Obsidian litters the ground of Kilimanjaro. This brittle stone is formed by the rapid cooling of lava and disintegrates to sharp slivers (it makes good blades!). The accumulation of black lava and ash from Kibo’s repeated eruptions covers a footprint of 388,500 hectares (larger than the state of Rhode Island). It offers a striking contrast to the white ice of the summit.
I cannot think about obsidian and stratovolcanoes without thinking about Pliny the Elder. Pliny was a naturalist from the era of the Roman Empire. He wrote many volumes dedicated to geography and the natural world.
In volume 36 of his magisterial Natural History, Pliny gives attention to a volcanic glass called “Obsian.” He gives it this name because one “Obsius (or Obaidius in an older reading) discovered (it) in Æthiopia” (see more here).

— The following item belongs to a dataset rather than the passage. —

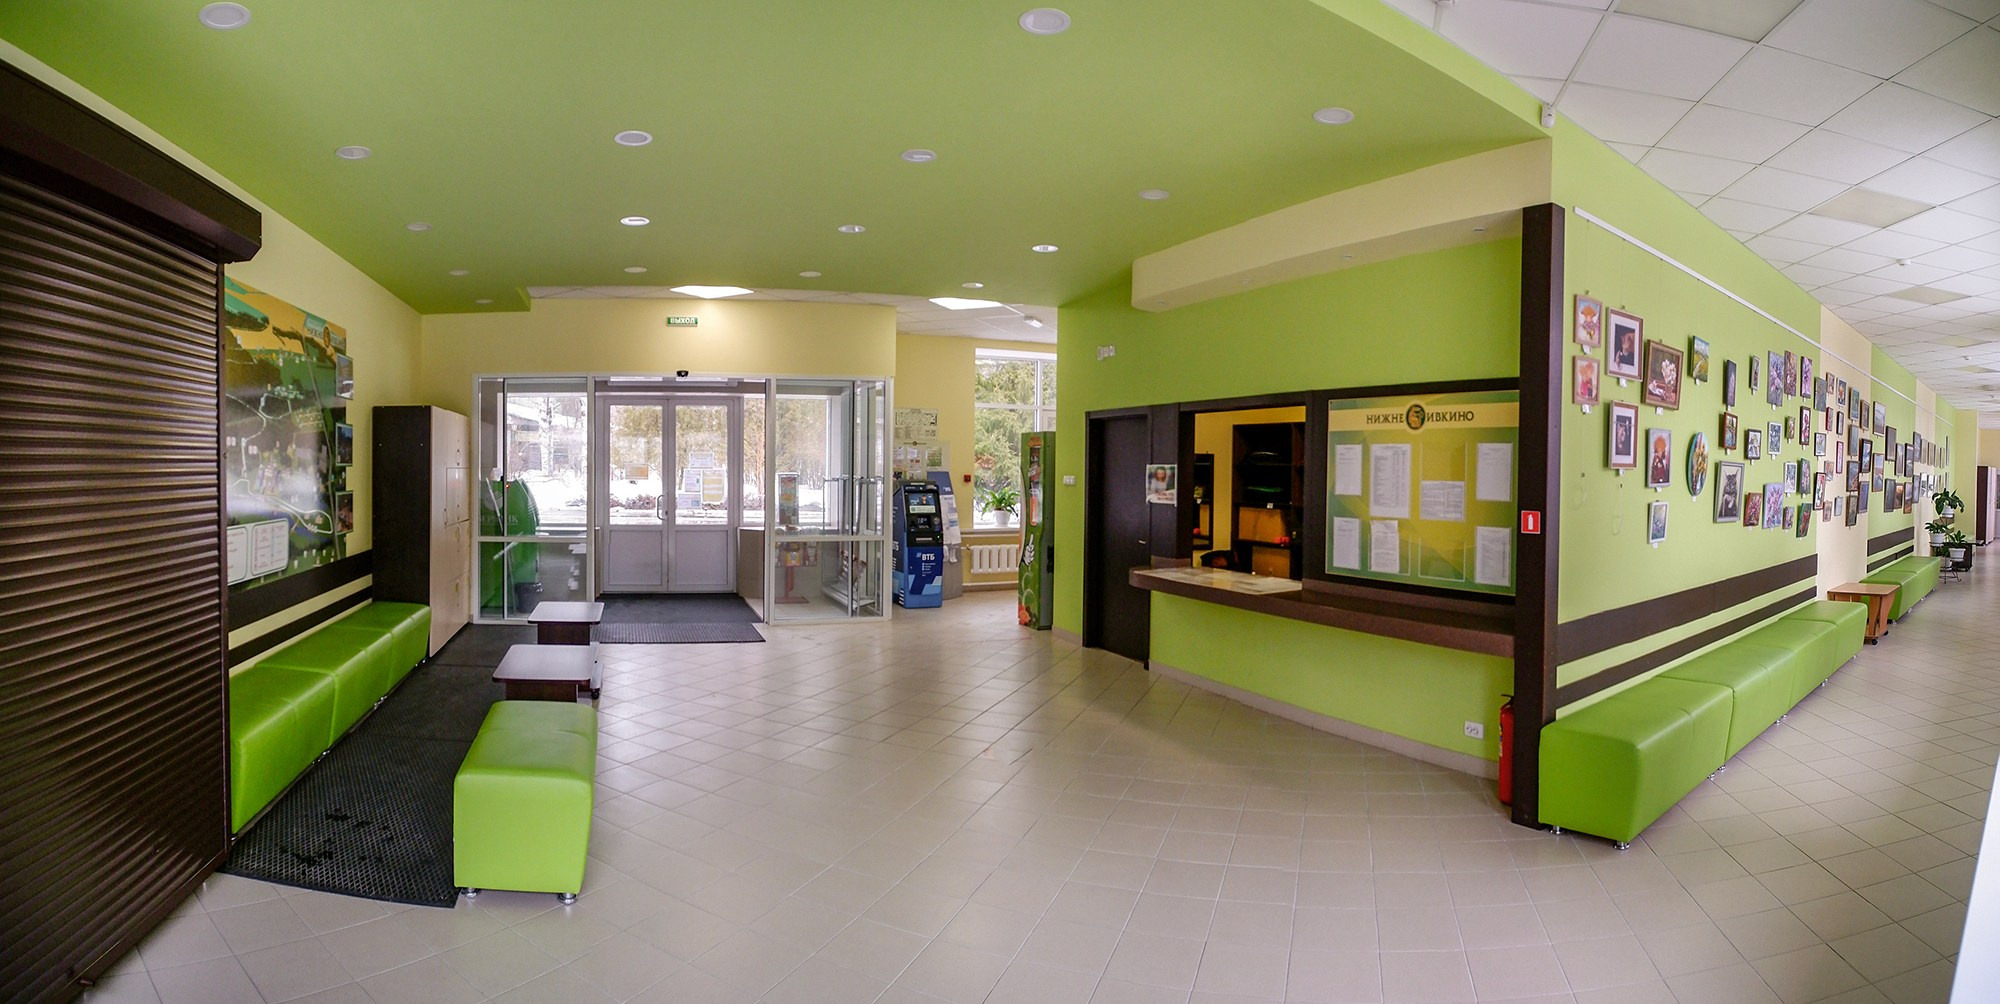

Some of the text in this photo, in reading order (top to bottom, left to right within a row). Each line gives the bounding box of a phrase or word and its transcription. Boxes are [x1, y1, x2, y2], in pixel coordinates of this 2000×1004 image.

[1366, 411, 1475, 424] НИЖНЕ ИВКИНО
[921, 553, 936, 561] ВТБ

Iconically, the man who handed the word “obsidian” to the modern world died in a volcanic eruption of his own. Pliny was asphyxiated when Mt Vesuvius blew its top in AD 79.
When approaching the Western Breach of Kilimanjaro’s summit, the hiker is confronted with great flows of volcanic rock. A formation known as Lava Tower appears on the upper right side of this image.
Kilimanjaro was a break for me. My regular summer work focuses on the area of Israel-Palestine. If you are interested in experiencing the geography, history, and culture of the Bible Lands, email me at firstname.lastname@example.org or check out our list of future trips here.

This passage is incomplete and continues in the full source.